The time to review and negotiate the contract is before you begin the search. Too many recruiters are so anxious to get started they never stop to establish the contractual terms beforehand. Then they are confronted by the contract the client wants and it is too late, they have already started. And bear in mind that the client is trying by whatever means it can, to limit, even eliminate, its obligation to the recruiter after the placement has been made and the candidate has been hired.

Read a Company Contract Carefully

Not all company contracts are the same, but they do have many similar provisions, again because the objective is to control when and if a fee payment will be made when a hire occurs. An overall observation that needs to be made at the outset is that, whatever provisions are established by the client, you can be assured that they will be in violation of the legal principles that normally govern the relationship between recruiter and client and the customary recruiting practices that are generally followed by recruiters. This is because they are generally drafted by attorneys not familiar with the recruiting industry and who are trying to satisfy Human Resources and their petty annoyances or mistaken beliefs in how the recruiting process should be governed.
The provisions discussed in this article come from actual client contracts.

Following a System

No referral will be recognized, nor a fee paid therefore, unless it is processed through the human resources department.

To begin with, the contract may contain a provision that establishes a protocol that requires all referrals be processed through Human Resources, and that a violation of that procedure will abrogate the requirement to pay the fee if a hire results.
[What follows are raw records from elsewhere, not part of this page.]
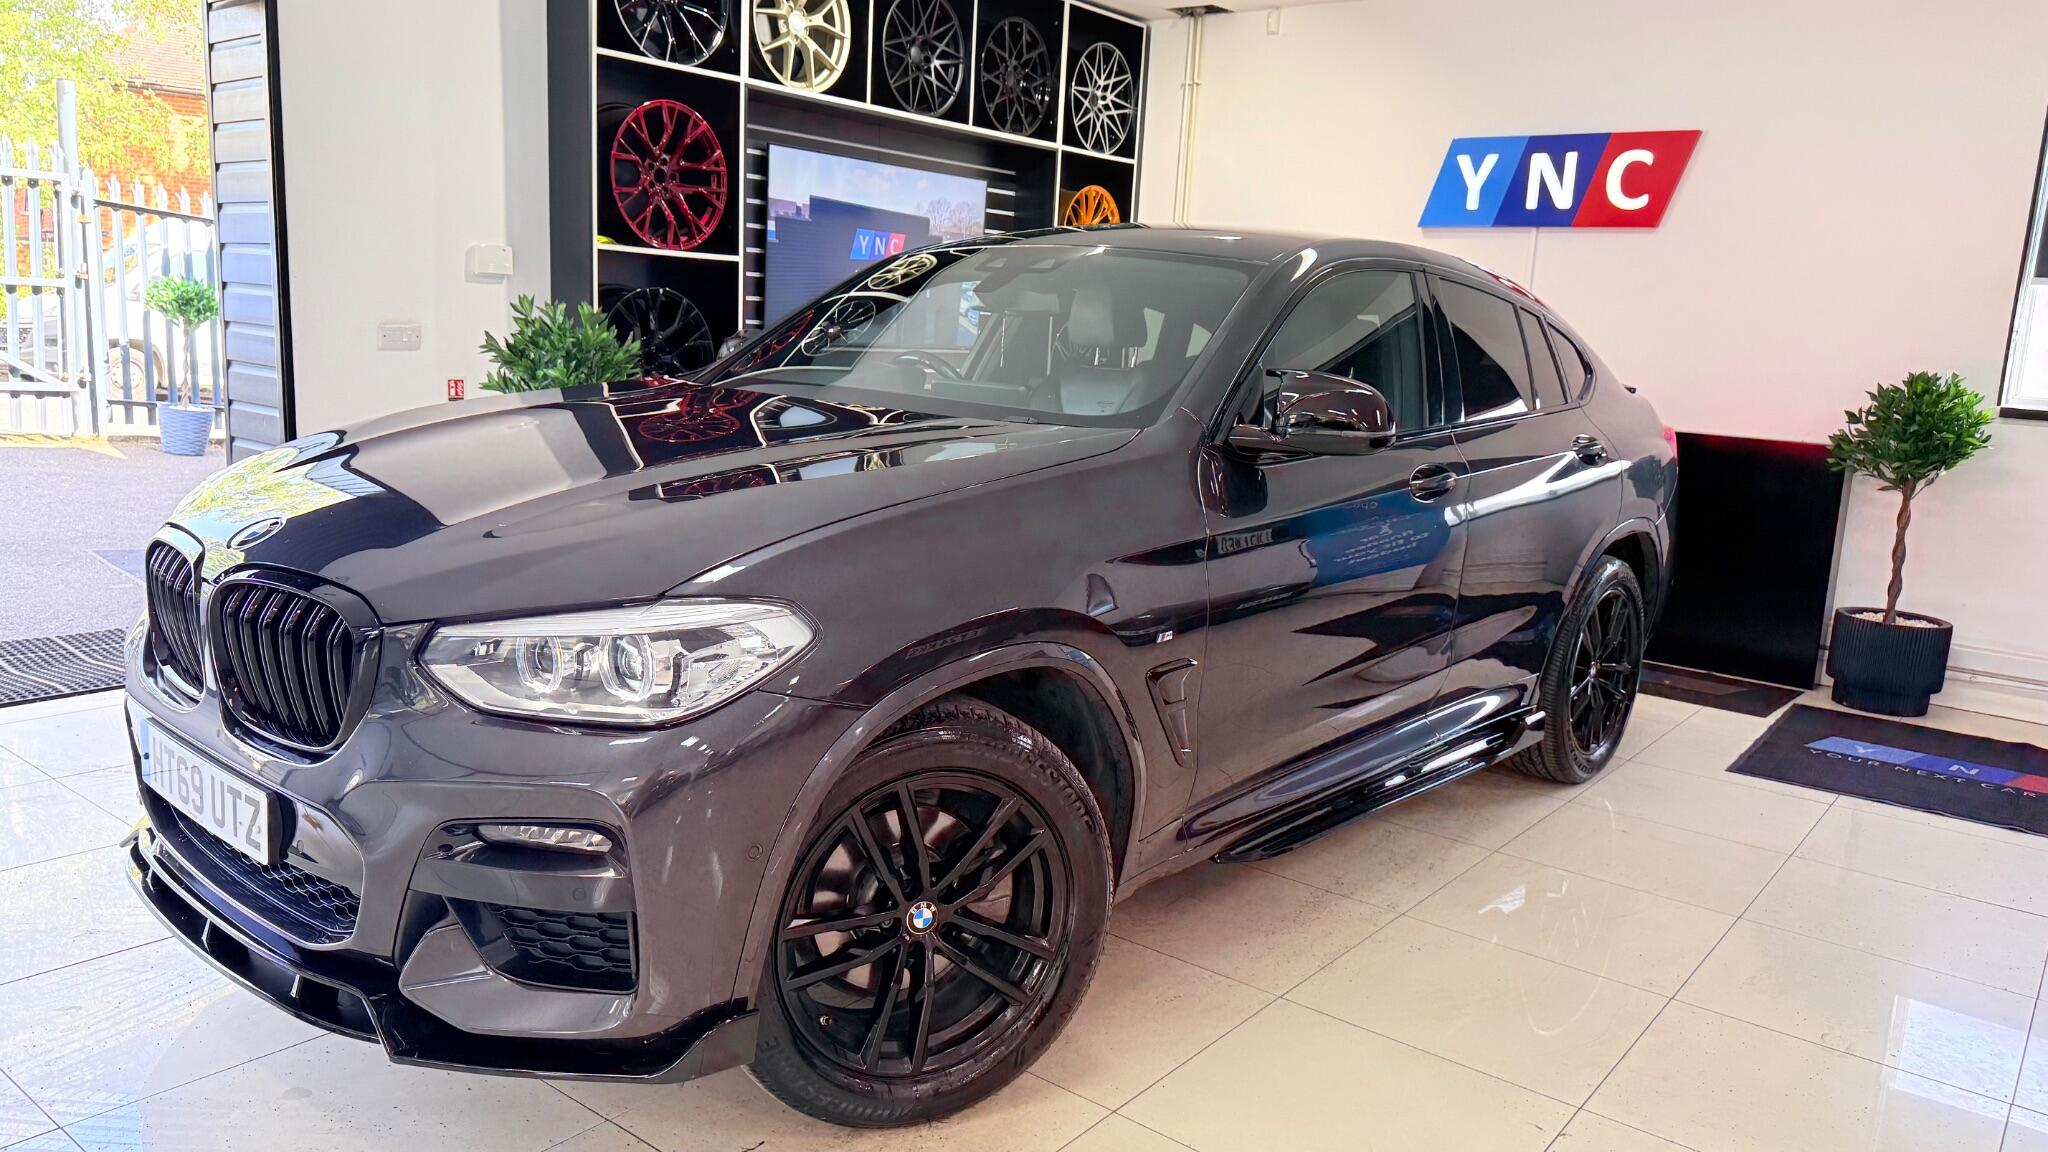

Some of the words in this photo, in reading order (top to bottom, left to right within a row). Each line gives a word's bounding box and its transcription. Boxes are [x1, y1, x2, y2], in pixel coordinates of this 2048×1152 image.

[1456, 149, 1654, 211] YNC
[859, 234, 900, 256] YNC
[152, 736, 204, 815] HT69
[211, 775, 261, 852] UTZ
[1809, 747, 1880, 767] YOUR
[1894, 765, 1967, 783] NEXT
[1980, 782, 2036, 798] CAR
In fact, we know that this procedure is not generally followed, even by the client itself and certainly not by recruiters. In fact, on the contrary, both the recruiter and the manager to whom the candidate will report want to deal directly, and not through a middle man.

In Person Interview

Some contracts will require that an in-person interview of the candidate by the recruiter precede any referral to the client. While this may be a general practice at some levels, it is most often not followed at even the highest level where candidate compensation may run into hundreds of thousands of dollars, even millions. This happens every day. Why have a provision that is not being followed, only to have the client use its violation (even with the client’s complicity) as an excuse to threaten not to pay the fee?

Resume Required

No fee shall be due where the candidate’s resume was not submitted by ABA Recruiters before interview

What about the non-acceptance of the referral of a candidate by telephone before having transmitted the candidate’s resume to Human Resources? Is that real? This flies in the face of the client’s usual need to move swiftly in certain situations and often the loss of a candidate that is being recruited, and not necessarily looking to change employment, in not having a resume. What is more important, the referral or the protocol? Again, we want to eliminate controversy when the fee is due so get rid of it.

Prior Resume

No fee shall be due where Widgett, Inc. has received the candidate’s resume for a position from another firm, referral or other source within six (6) months prior to ABA Recruiter’s submission for the same position.
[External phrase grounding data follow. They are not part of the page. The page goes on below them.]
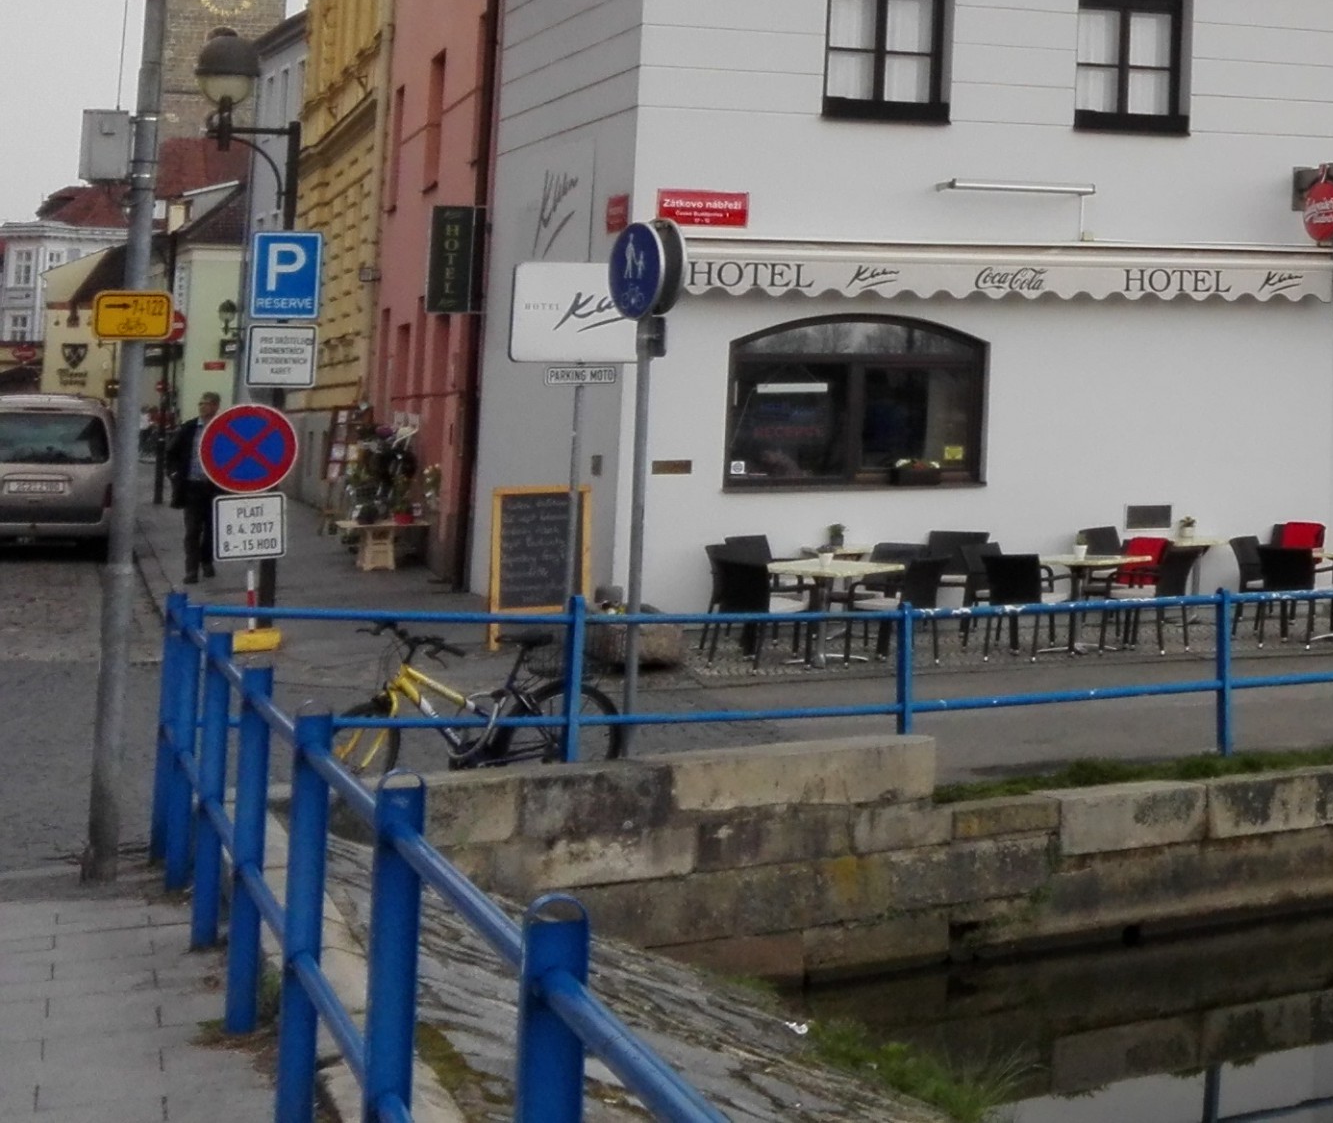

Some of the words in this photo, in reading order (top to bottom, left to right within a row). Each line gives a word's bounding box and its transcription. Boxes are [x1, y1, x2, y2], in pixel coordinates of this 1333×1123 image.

[662, 198, 704, 209] Zátkovo
[705, 199, 742, 211] nábřeží
[443, 224, 460, 294] HOTEL
[266, 242, 307, 292] P
[688, 260, 814, 289] HOTEL
[974, 266, 1049, 291] Coca-Cola
[1123, 268, 1232, 293] HOTEL
[524, 302, 560, 311] HOTEL
[549, 369, 587, 381] PARKING
[590, 369, 614, 381] MOTO
[236, 504, 264, 518] PLATÍ
[250, 522, 274, 534] 2017
[257, 537, 277, 549] HOD
How will you ever know if you are going to earn a fee when you refer a candidate who is interviewed and hired, but it subsequently turns out the company had the candidate’s resume on file but never acted on it? You could be sandbagged every time. After all, the name of the game is being the “efficient procuring cause” for having brought about the hire. And if it was you making the referral happen, you should be entitled to the fee, not some other recruiter that dropped a resume in the mail that the client conveniently had in its file.

Rejected Candidate

No fee shall be due if a candidate is referred for a specific position and is rejected and later hired for a different position

So long as you were the efficient procuring cause for having brought the candidate to the attention of the company and there was no intervening event, then you should not be precluded from earning the fee to which you are rightly entitled. Such a provision can lead to all kinds of abuses by a company seeking to avoid paying a fee.

Prior Ad Response, Prior Contact, Exact Position

No fee shall be due where a candidate referred by ABA Recruiters responded to an advertisement from Widgett, Inc. for the same position, prior to the candidate’s resume being submitted by ABA Recruiters, Inc.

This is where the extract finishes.